(DATA Opens)
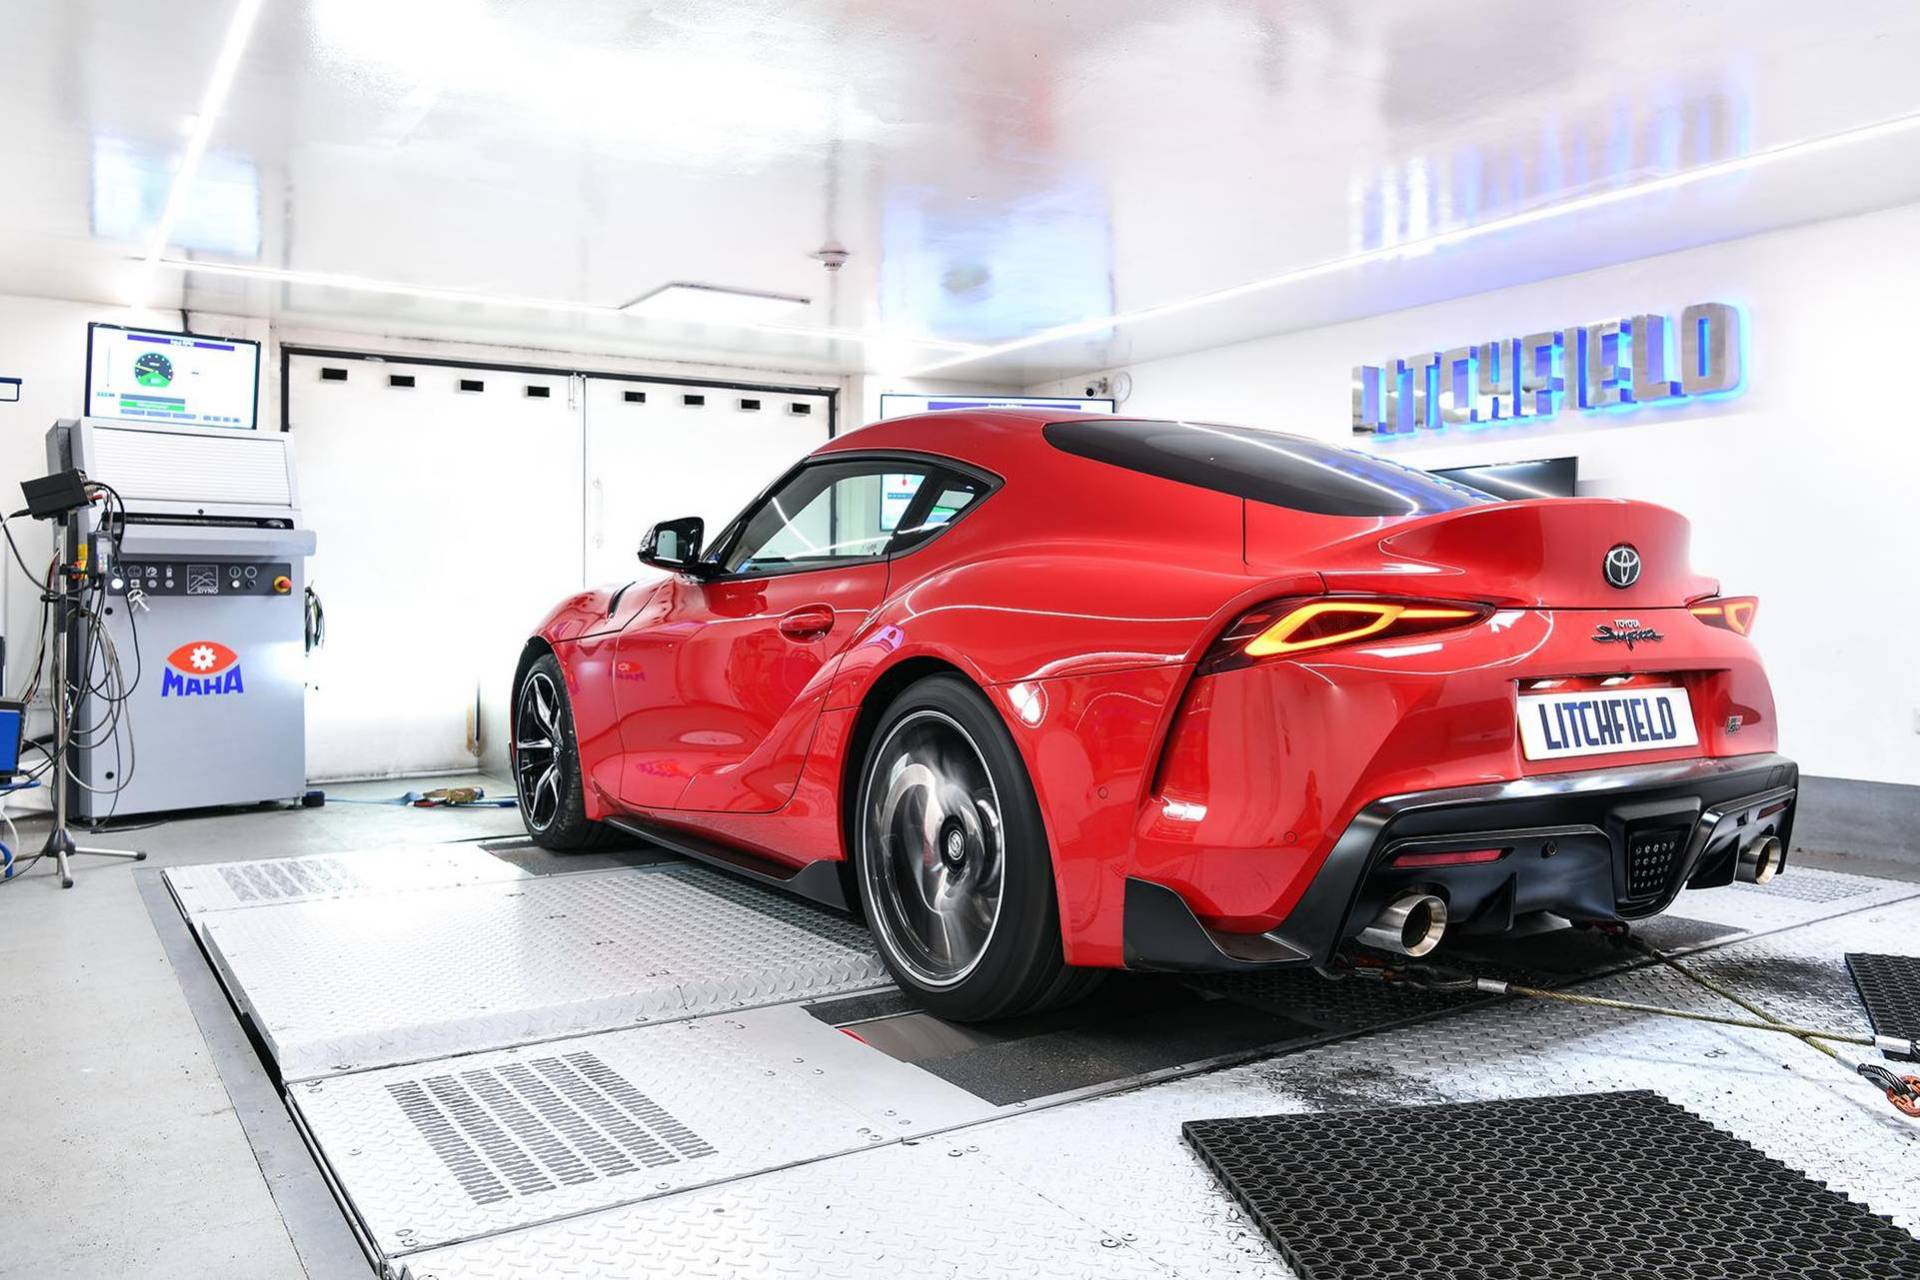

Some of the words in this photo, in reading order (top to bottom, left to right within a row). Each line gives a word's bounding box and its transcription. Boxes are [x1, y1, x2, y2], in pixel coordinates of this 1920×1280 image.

[1352, 302, 1741, 437] LITCHFIELD
[1591, 624, 1665, 651] Supra
[161, 664, 244, 697] MAHA
[1538, 697, 1677, 750] LITCHFIELD
(DATA Closes)
* _BRIEF_: Every record gets retyped exactly; no picture goes into the copy.

* _ANSWER SECTION_:
Some of the words in this photo, in reading order (top to bottom, left to right within a row). Each line gives a word's bounding box and its transcription. Boxes are [x1, y1, x2, y2], in pixel coordinates of this 1920×1280 image.

[1352, 302, 1741, 437] LITCHFIELD
[1591, 624, 1665, 651] Supra
[161, 664, 244, 697] MAHA
[1538, 697, 1677, 750] LITCHFIELD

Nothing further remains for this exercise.